• Problem to work on:
Word for word, retype the lines from the one containing "Some of the text" to the last line of the data below, both ends included.

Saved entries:

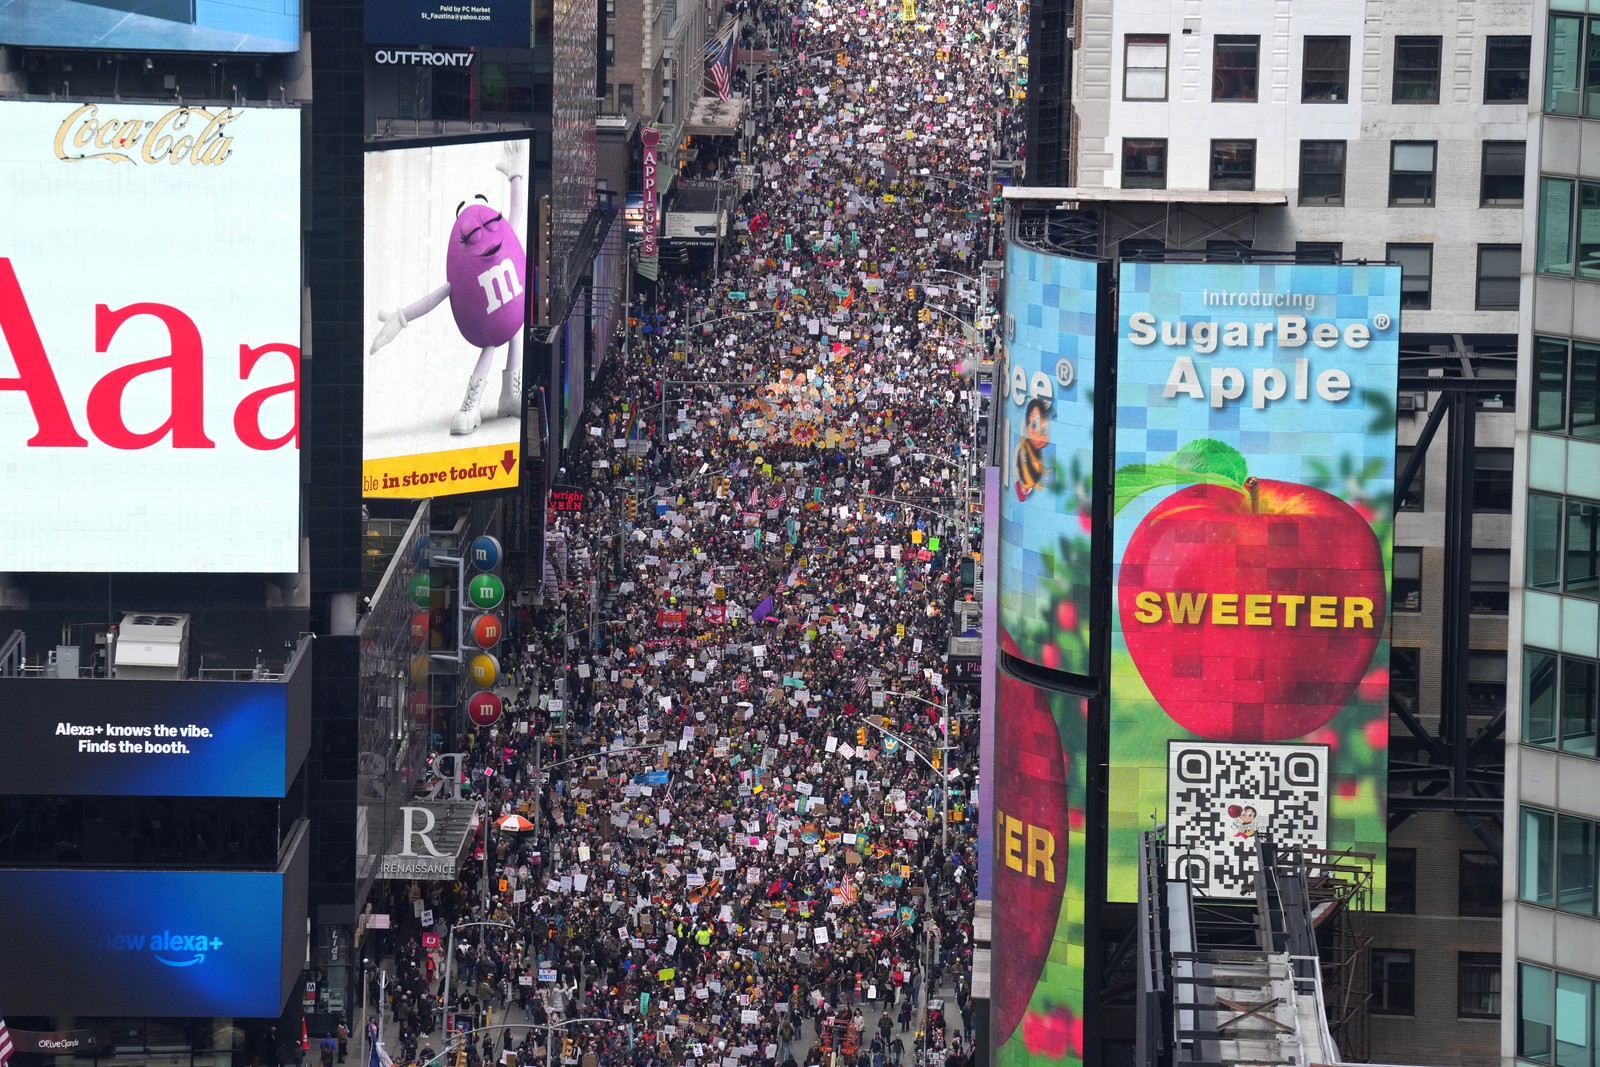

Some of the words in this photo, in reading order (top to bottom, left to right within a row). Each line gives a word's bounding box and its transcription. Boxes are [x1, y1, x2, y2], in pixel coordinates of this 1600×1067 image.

[1203, 288, 1316, 311] Introducing
[1161, 356, 1351, 409] Apple
[382, 473, 400, 489] in
[402, 469, 447, 487] store
[450, 463, 498, 481] today
[476, 548, 488, 561] m
[480, 586, 494, 598] m
[1134, 592, 1374, 628] SWEETER
[486, 625, 496, 638] m
[474, 666, 484, 678] m
[480, 703, 494, 716] m
[55, 722, 104, 736] Alexa+
[106, 723, 152, 737] knows
[154, 724, 178, 737] the
[180, 724, 213, 738] vibe.
[78, 740, 116, 753] Finds
[118, 740, 142, 753] the
[144, 740, 190, 754] booth.
[399, 806, 452, 857] R
[384, 864, 456, 874] RENAISSANCE
[149, 930, 223, 951] alexa+
[38, 1040, 60, 1049] Olive
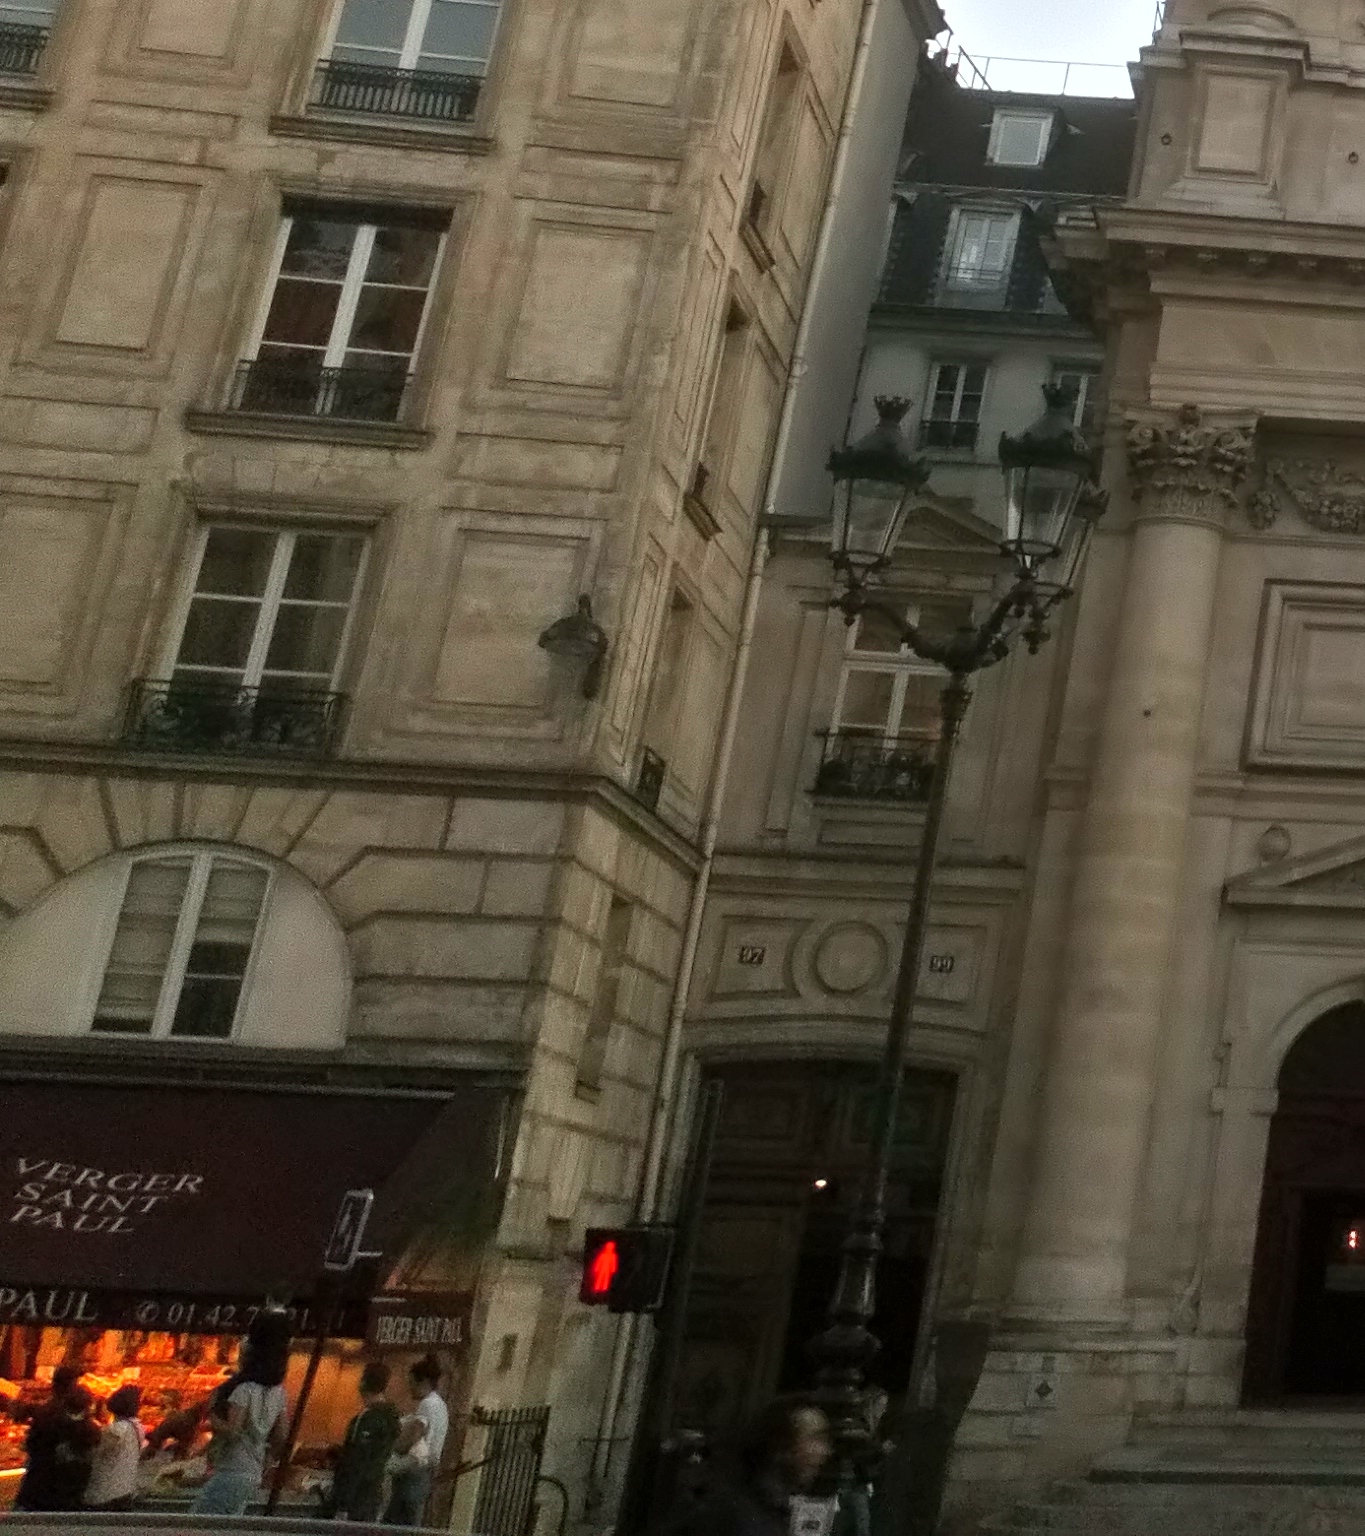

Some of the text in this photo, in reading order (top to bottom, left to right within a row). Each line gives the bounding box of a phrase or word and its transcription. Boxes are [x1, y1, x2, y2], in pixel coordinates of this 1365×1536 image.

[17, 1157, 204, 1194] VERGER
[14, 1182, 169, 1213] SAINT
[10, 1204, 135, 1233] PAUL
[0, 1287, 99, 1322] PAUL

• Result of the exercise:
Some of the text in this photo, in reading order (top to bottom, left to right within a row). Each line gives the bounding box of a phrase or word and its transcription. Boxes are [x1, y1, x2, y2], in pixel coordinates of this 1365×1536 image.

[17, 1157, 204, 1194] VERGER
[14, 1182, 169, 1213] SAINT
[10, 1204, 135, 1233] PAUL
[0, 1287, 99, 1322] PAUL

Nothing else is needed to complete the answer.